The fact that #i# and #j# are small implies that #i\cdot j# is very small. If, for instance #i\approx 10^{-2}# and #j\approx 10^{-2}#, then #i\cdot j\approx 10^{-4}#, so if we round numbers to 2 decimals, we can forget about #i\cdot j#. Thus, for sufficiently small values of #i# and #j#, we can take the growth factor of #A\cdot B# to be #1+i+j#, and so the grow rate to be #i+j#, as stated.

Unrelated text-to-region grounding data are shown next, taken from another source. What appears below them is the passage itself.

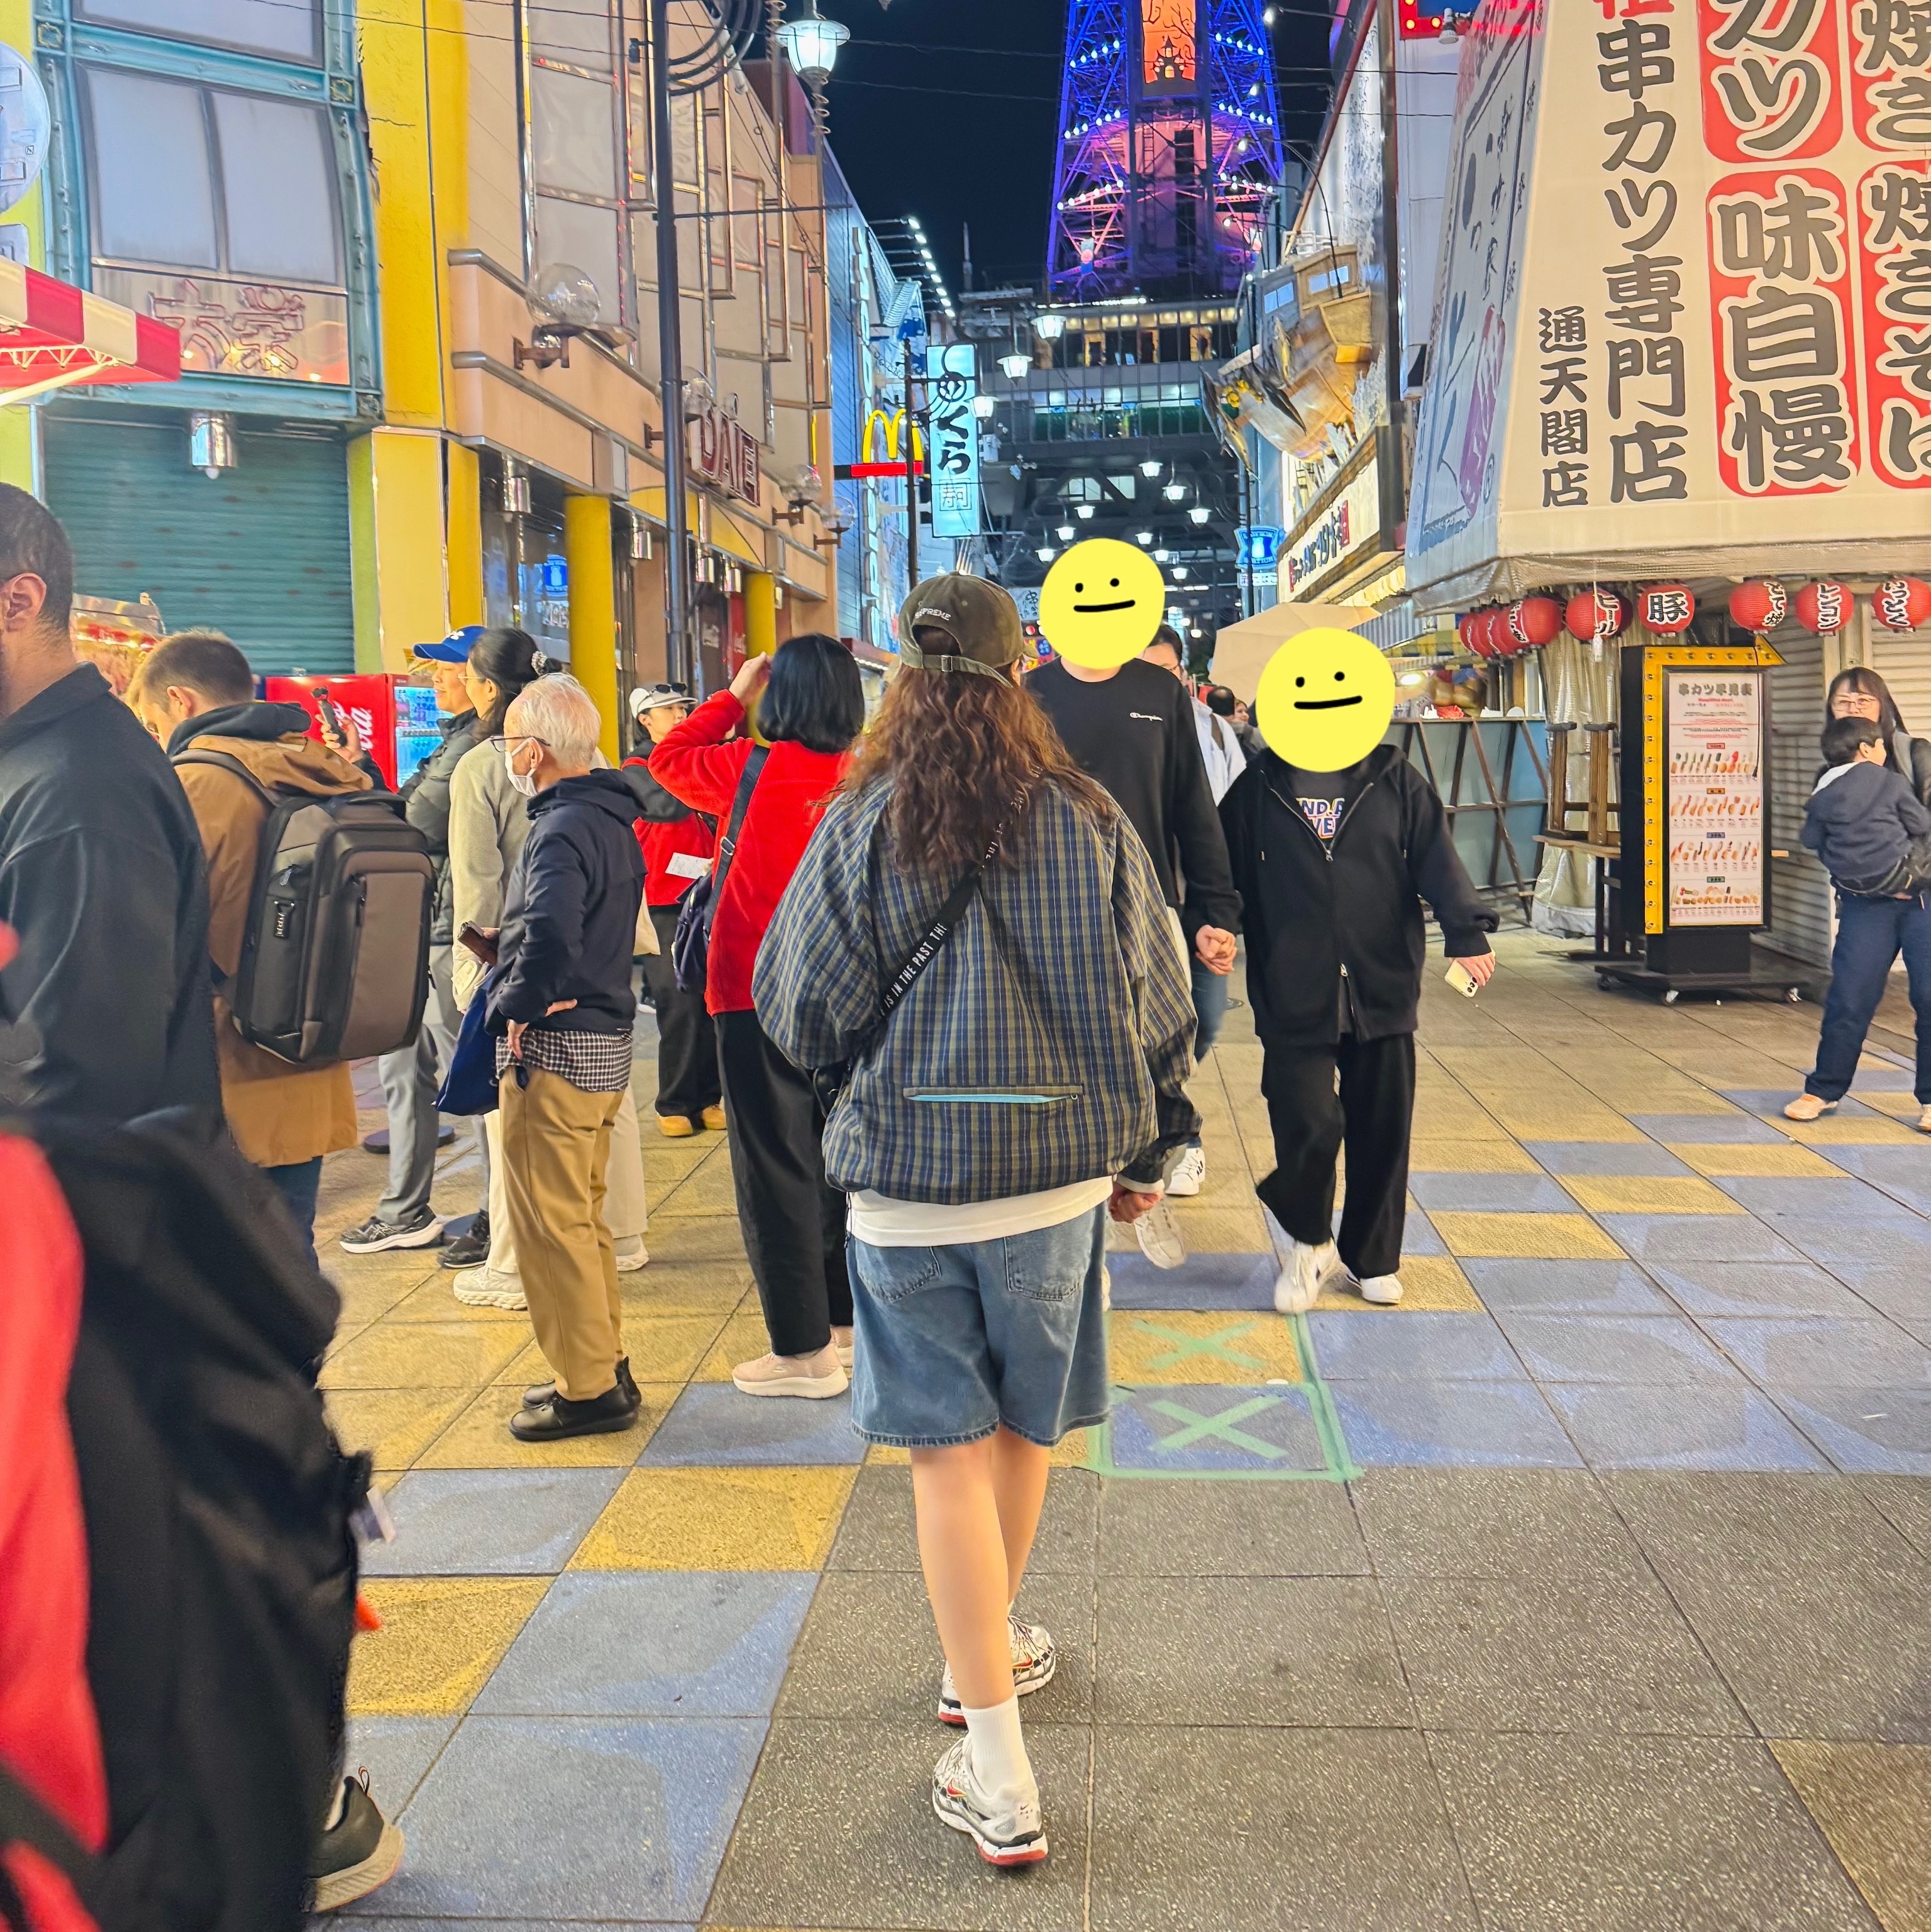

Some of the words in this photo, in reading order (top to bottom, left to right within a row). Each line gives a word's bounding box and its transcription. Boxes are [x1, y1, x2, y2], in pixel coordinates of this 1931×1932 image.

[1713, 0, 1821, 152] カツ
[1595, 19, 1688, 504] 串カツ専門店
[1717, 183, 1851, 487] 味自慢
[1537, 306, 1589, 508] 通天閣店
[1649, 593, 1690, 624] 豚
[891, 982, 903, 997] IN
[899, 964, 916, 985] THE
[912, 941, 934, 967] PAST

Since, the growth percentages corresponding to #i#, #j# and #i+j# are each obtained from the growth rates by multiplication by #100#, the same rule of thumb holds for growth percentages instead of growth rates. After all,

\[100\cdot i+100\cdot j = 100\cdot(i+j)\]

To prove the rule we use the formula #S(n)=S_0 \cdot (1+\frac{p}{100})^n# for the final value after #n# years with growth rate #\frac{p}{100}#. Doubling the capital in #n# years means #S(n)=2 \cdot S_0#.

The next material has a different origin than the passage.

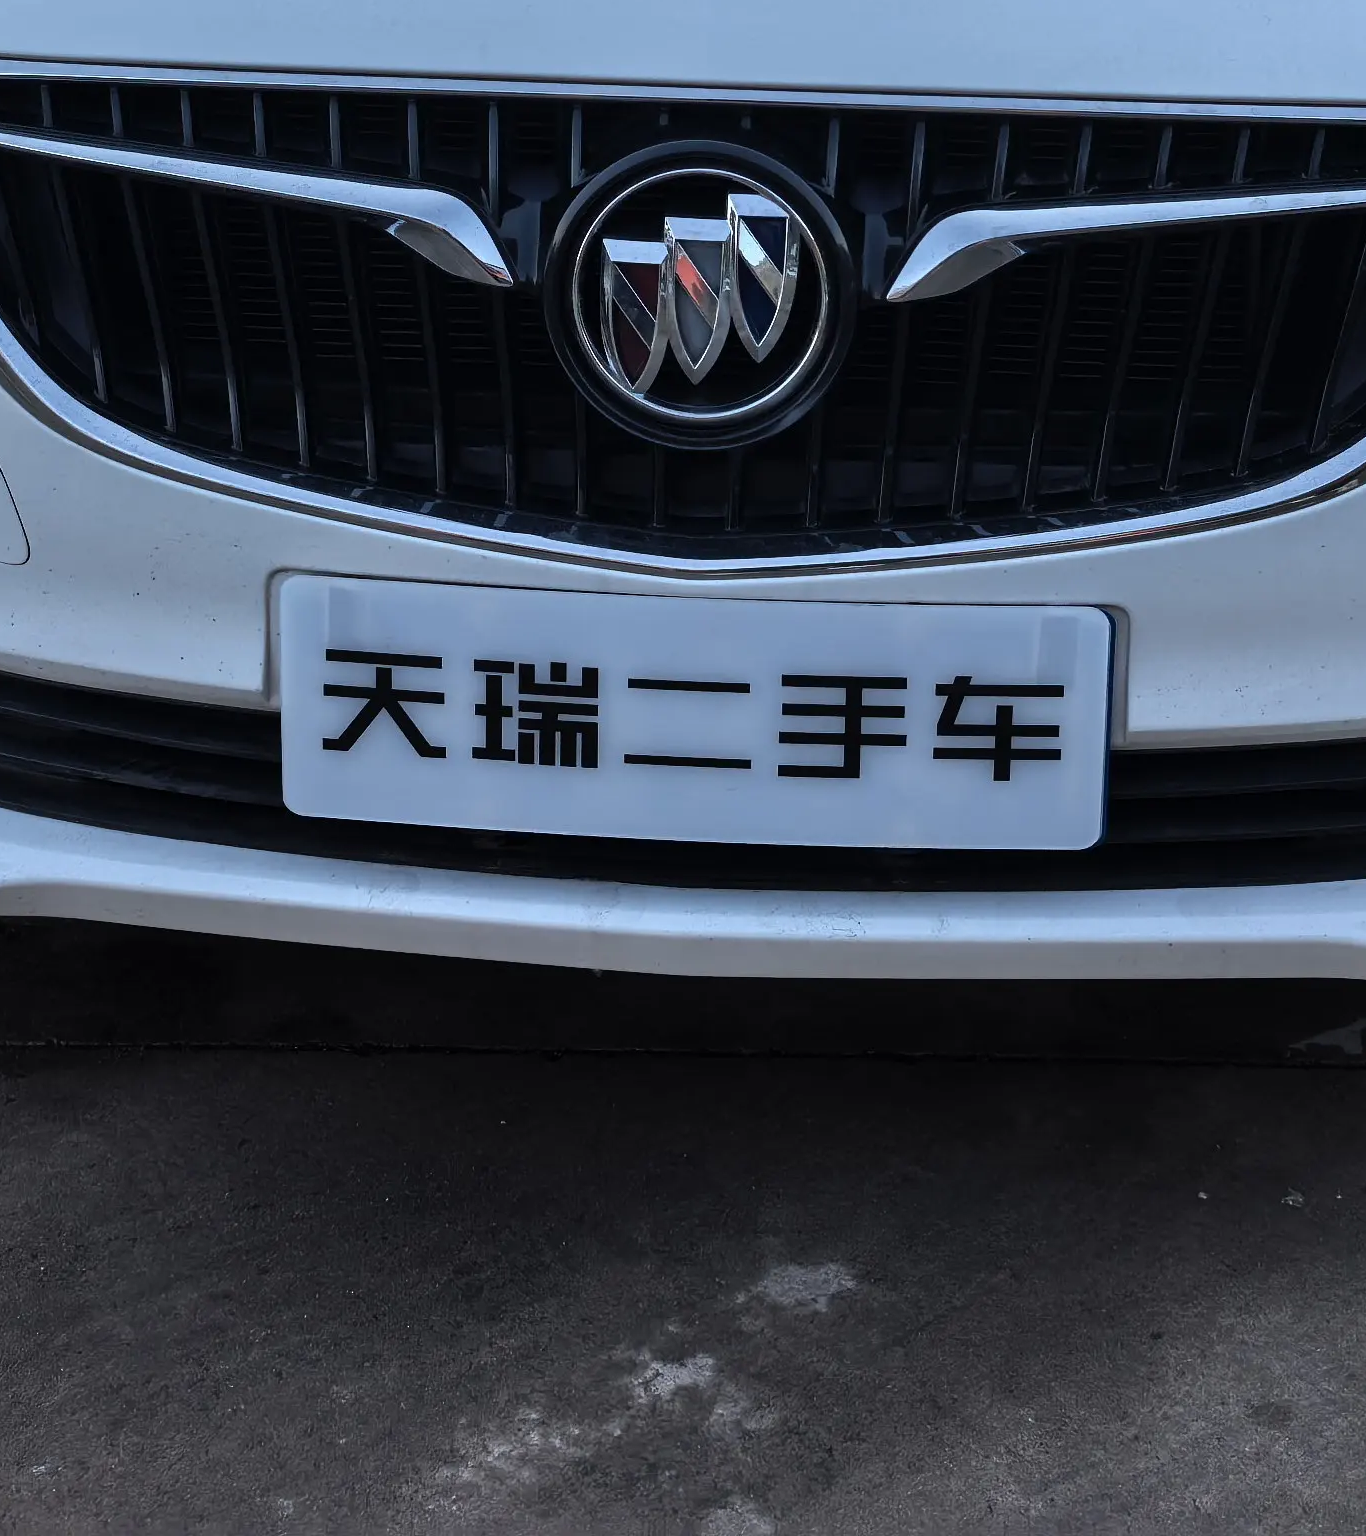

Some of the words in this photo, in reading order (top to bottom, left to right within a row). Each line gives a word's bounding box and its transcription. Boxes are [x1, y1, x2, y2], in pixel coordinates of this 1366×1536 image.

[322, 648, 1066, 781] 天瑞二手车

Substituting the value for #S(n)# in the formula gives the equation: \[2 \cdot S_0=S_0 \cdot (1+\frac{p}{100})^n\] Dividing both sides by #S_0#, we find the equation \[2 = (1+\frac{p}{100})^n\] We solve this equation for #n#, because we are interested in the time it takes for the capital at the bank to double.

We will use the following approximation rule for small #x#, which we will not prove here: \[\log_{10}(1+x)\approx \frac{x}{2.30258509}\]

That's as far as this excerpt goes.